**Task requirements:**
After locating the line that contains "this 1600×1066 image." in the records below, write out exactly that line and each line after it through the one that contains "this 1333×1333 image.", and nothing else.

**Dataset content:**
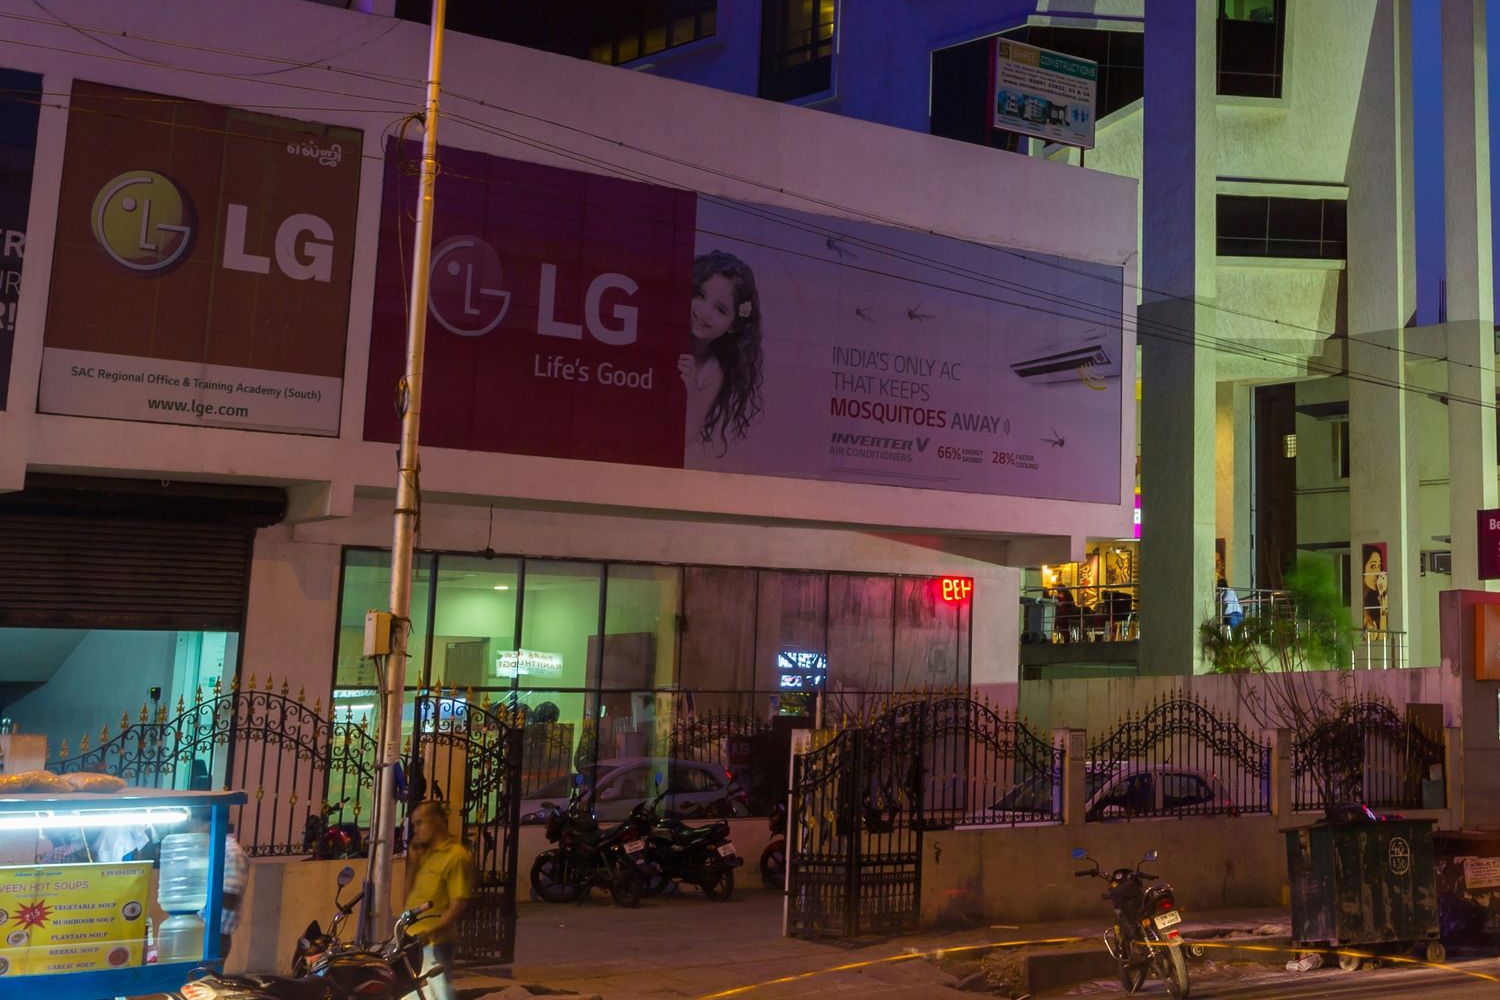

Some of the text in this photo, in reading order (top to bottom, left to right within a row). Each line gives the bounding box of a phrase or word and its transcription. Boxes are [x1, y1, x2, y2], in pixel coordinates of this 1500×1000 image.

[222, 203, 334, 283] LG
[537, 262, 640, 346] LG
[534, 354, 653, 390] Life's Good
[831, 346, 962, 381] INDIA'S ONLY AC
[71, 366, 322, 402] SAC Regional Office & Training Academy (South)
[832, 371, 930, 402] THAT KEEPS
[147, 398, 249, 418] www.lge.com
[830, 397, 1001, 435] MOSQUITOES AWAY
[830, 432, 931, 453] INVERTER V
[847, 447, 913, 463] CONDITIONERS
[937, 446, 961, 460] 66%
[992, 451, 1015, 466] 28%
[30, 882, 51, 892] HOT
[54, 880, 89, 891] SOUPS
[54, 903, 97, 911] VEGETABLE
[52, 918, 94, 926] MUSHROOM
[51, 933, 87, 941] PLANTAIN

==

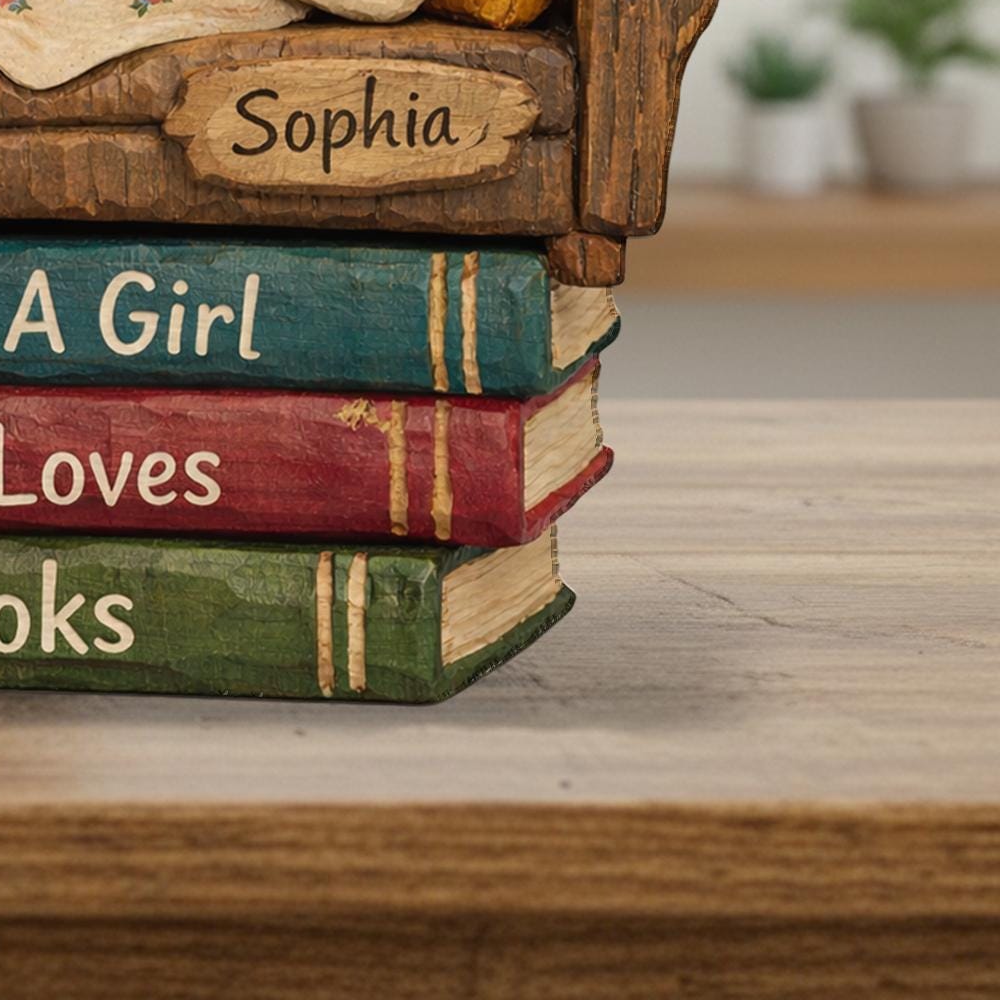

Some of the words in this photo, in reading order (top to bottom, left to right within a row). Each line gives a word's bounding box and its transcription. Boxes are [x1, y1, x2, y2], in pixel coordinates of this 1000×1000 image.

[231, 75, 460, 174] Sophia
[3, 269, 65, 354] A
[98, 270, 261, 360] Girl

---

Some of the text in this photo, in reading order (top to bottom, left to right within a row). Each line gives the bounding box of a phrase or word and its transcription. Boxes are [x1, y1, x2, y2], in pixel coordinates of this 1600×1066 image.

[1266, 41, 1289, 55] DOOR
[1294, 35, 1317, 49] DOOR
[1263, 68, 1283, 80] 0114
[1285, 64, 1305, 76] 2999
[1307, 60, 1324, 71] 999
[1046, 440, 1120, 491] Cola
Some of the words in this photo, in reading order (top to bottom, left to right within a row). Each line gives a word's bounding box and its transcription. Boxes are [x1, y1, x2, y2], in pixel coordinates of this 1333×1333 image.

**Final answer:**
Some of the text in this photo, in reading order (top to bottom, left to right within a row). Each line gives the bounding box of a phrase or word and its transcription. Boxes are [x1, y1, x2, y2], in pixel coordinates of this 1600×1066 image.

[1266, 41, 1289, 55] DOOR
[1294, 35, 1317, 49] DOOR
[1263, 68, 1283, 80] 0114
[1285, 64, 1305, 76] 2999
[1307, 60, 1324, 71] 999
[1046, 440, 1120, 491] Cola
Some of the words in this photo, in reading order (top to bottom, left to right within a row). Each line gives a word's bounding box and its transcription. Boxes are [x1, y1, x2, y2], in pixel coordinates of this 1333×1333 image.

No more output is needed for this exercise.